TO DO:
Output the records exactly as they appear, with no pictures included.

### THE INPUT ###

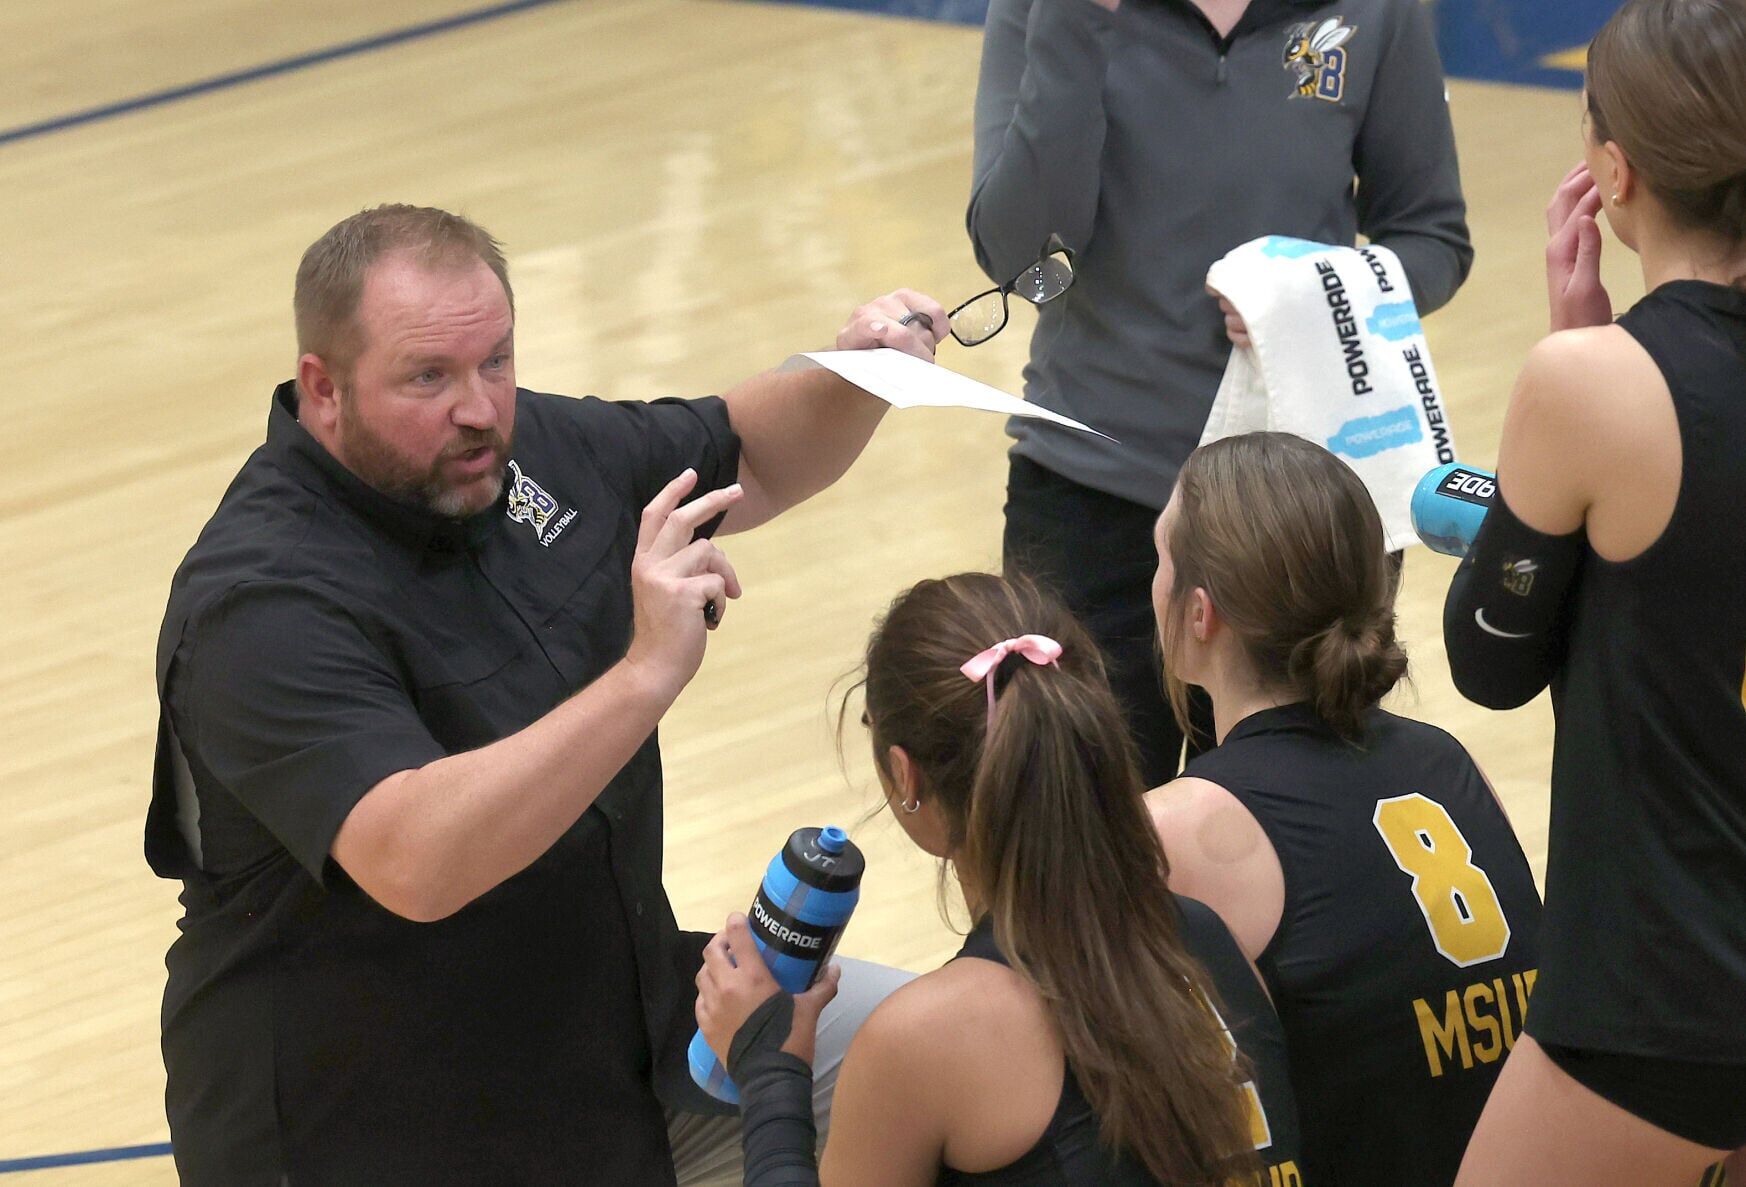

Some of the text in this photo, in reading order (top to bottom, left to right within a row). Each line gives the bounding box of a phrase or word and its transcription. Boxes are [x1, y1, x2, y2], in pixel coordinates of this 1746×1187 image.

[1315, 258, 1373, 395] POWERADE
[1402, 344, 1454, 464] OWERADE
[540, 508, 578, 547] VOLLEYBALL
[1446, 472, 1496, 498] ADE
[753, 896, 822, 949] POWERADE
[1373, 792, 1511, 968] 8

###

SOLUTION:
Some of the text in this photo, in reading order (top to bottom, left to right within a row). Each line gives the bounding box of a phrase or word and its transcription. Boxes are [x1, y1, x2, y2], in pixel coordinates of this 1746×1187 image.

[1315, 258, 1373, 395] POWERADE
[1402, 344, 1454, 464] OWERADE
[540, 508, 578, 547] VOLLEYBALL
[1446, 472, 1496, 498] ADE
[753, 896, 822, 949] POWERADE
[1373, 792, 1511, 968] 8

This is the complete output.